PROBLEM TO WORK ON
Where an entry holds an image, leave the image out; otherwise reproduce the entry exactly.

Saved entries
--------------------
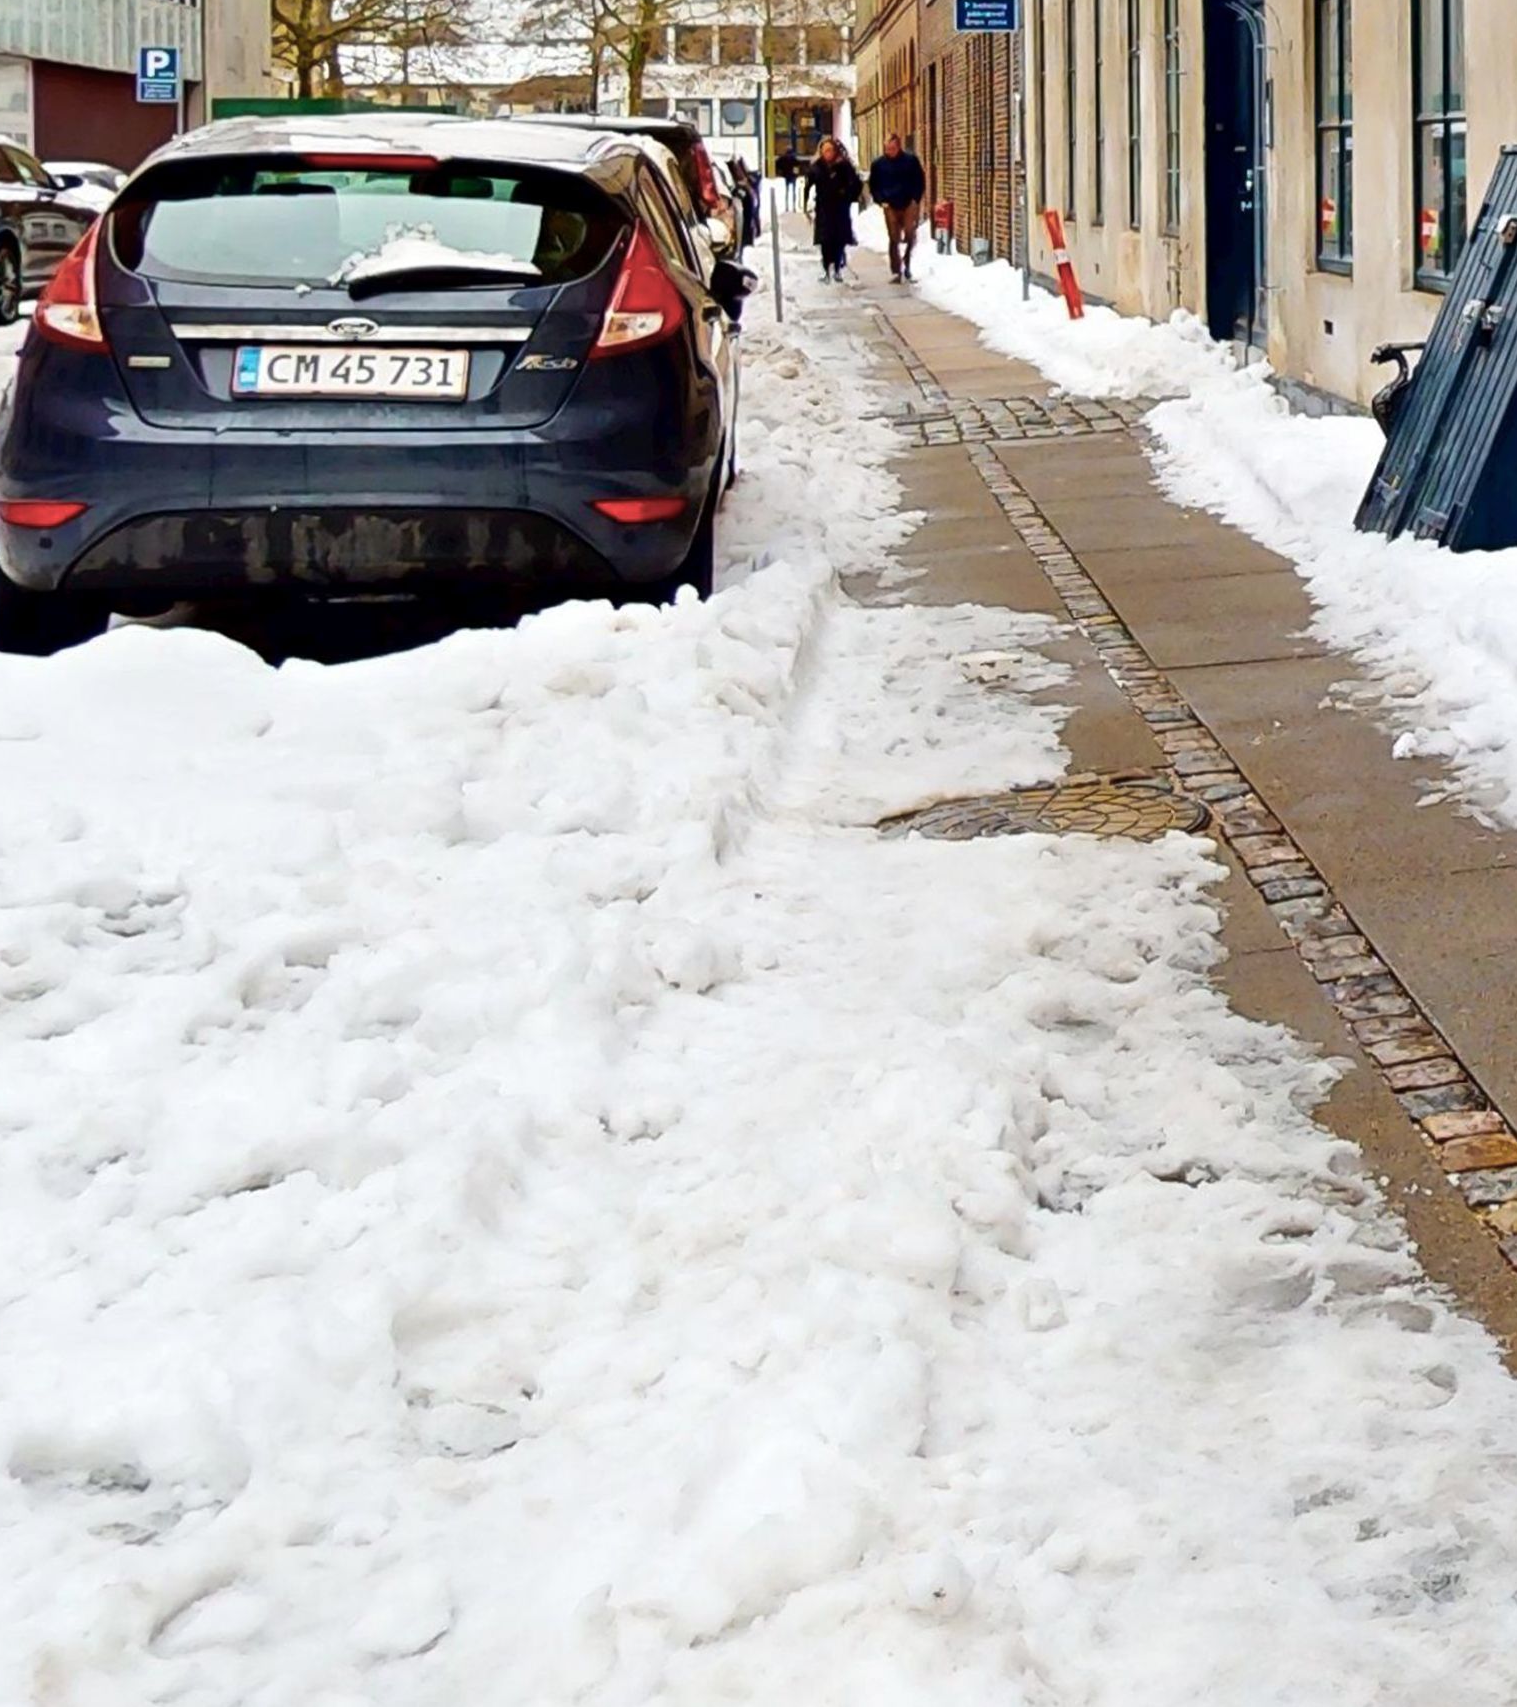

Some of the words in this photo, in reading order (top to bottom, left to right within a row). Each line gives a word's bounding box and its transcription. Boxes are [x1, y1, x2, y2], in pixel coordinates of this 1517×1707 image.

[147, 51, 170, 77] P
[267, 354, 319, 385] CM
[331, 355, 376, 384] 45
[390, 355, 454, 387] 731
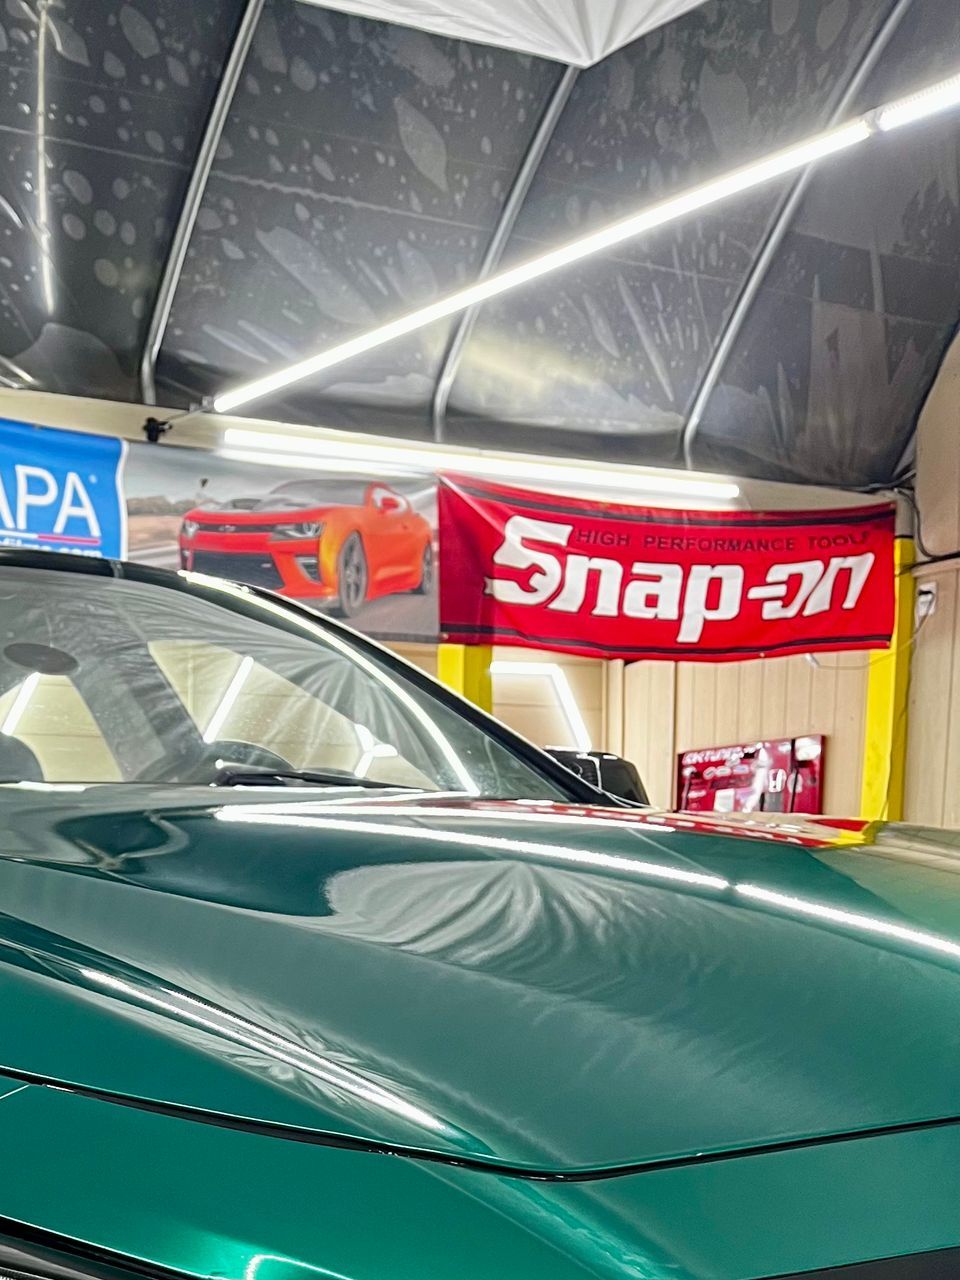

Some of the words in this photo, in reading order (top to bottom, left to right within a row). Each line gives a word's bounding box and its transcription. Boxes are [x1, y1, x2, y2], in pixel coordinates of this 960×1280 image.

[483, 514, 876, 643] Snap-on
[575, 529, 631, 548] HIGH
[642, 535, 797, 552] PERFORMANCE
--------------------
TASK ANSWER
Some of the words in this photo, in reading order (top to bottom, left to right within a row). Each line gives a word's bounding box and its transcription. Boxes are [x1, y1, x2, y2], in pixel coordinates of this 1517×1707 image.

[147, 51, 170, 77] P
[267, 354, 319, 385] CM
[331, 355, 376, 384] 45
[390, 355, 454, 387] 731

Some of the words in this photo, in reading order (top to bottom, left to right within a row). Each line gives a word's bounding box and its transcription. Boxes are [x1, y1, x2, y2], in pixel coordinates of this 960×1280 image.

[483, 514, 876, 643] Snap-on
[575, 529, 631, 548] HIGH
[642, 535, 797, 552] PERFORMANCE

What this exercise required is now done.